Simplification measures

 The VAT deduction is not allowed for the goods / services subject to the reverse charge mechanism if such are erroneously invoiced with VAT.
 Reverse charge mechanism also applies for delivery of:
– tangible fixed assets with a combined content of goods classified as ferrous and nonferrous scrap, residues or waste paper, cardboard, textile, cable, rubber, plastic and glass which are not scrapped, delivered in order to be dismantled.
– end of life vehicles in order to be scrapped, dismantled, under certain conditions;
– the waste of electrical and electronic equipments;
– mobile phones, integrated circuit devices, game consoles, tablet PCs and laptops, under certain conditions
The reverse charge mechanism is not allowed for mobiles phone accessories, if they are supplied separately, neither for the integrated devices embedded in other goods.

– The assimilation of a product with an equivalent energy product produces effects only in respect of the applicable excise duties and has no consequences regarding the warehousing regime and the movement and receipt of the excisable goods under an excise duty suspension regime.

– The authorised warehouse keeper that intends to perform in a production tax warehouse other activities that are related to its main activity and that lead to the usage of raw and auxiliary materials, should notify this intention to the territorial customs authority and should also submit the procedure manual of the non-excisable goods which are intended to be realised in the warehouse.

– The validity period of the fiscal warehouse authorisations issued until 31 December 2015 and valid on 1 January 2016, is extended to 5 years without having to submit a re-authorization request.

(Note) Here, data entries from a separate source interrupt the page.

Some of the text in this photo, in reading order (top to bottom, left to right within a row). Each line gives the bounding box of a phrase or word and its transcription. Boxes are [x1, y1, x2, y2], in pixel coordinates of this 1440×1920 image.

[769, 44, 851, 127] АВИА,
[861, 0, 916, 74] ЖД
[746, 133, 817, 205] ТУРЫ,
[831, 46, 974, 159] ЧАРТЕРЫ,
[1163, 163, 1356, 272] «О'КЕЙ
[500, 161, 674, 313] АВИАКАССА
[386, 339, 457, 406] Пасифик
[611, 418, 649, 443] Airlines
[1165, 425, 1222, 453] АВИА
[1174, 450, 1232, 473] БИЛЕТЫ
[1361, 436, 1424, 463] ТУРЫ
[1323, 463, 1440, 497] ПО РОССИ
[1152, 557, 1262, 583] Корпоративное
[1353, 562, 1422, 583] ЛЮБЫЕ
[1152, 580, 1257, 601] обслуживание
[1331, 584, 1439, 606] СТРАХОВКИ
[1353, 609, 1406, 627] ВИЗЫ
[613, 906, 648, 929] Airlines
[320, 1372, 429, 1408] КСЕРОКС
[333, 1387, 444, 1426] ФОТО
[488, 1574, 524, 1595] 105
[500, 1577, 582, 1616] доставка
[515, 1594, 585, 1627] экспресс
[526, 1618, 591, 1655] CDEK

– The processing of manufactured tobacco for the purpose of obtaining heated tobacco products or of products in the form of a combination of heated tobacco and liquids with nicotine content inhalable through an electronic device shall be carried out in manufactured tobacco production tax warehouses.

– A construction is considered a building if it is permanently fixed in the ground and there is an intention to remain fixed in the same location for at least one calendar year.

– Clarifications and examples are brought regarding the method of determining the tax on buildings depending on their destination.

– The evaluation reports prepared with the view of establishing the building tax, are not recorded in the accounting books.

– Legal entities who have a registered office in a building shall submit the declaration regarding the destination of the respective building until 31 March 2016. regardless of whether they deduct or not the utilities expenses. The same obligation applies to individuals who own non-residential buildings or buildings with mixed destination.

– Details are brought regarding the increase by up to 500% of the tax on poorly maintained buildings and plots of land inside the built-up areas of localities, as well as of land tax for agricultural land uncultivated for 2 consecutive years, irrespective of whether they are located inside or outside the built-up areas of cities.

– The value of constructions for which building tax is due, which should be deducted from the taxable base for the purpose of determining the construction tax, is the value booked as debit balance of the accounts in which the constructions are recorded (even if this is different from the taxable base declared for building tax purposes).

The new Norms approved by Decision 1/2016 entered into force on January 13th, 2016, date at which Decision 44/2004 regarding the approval of the methodological Norms for the application of Law 571/2003 regarding the Fiscal Code, as well as Decision 314/2007 on marking and coloring energy products, as well as the extension of the period laid down in Decision 1861/2006 regarding the marking of energy products shall be repealed.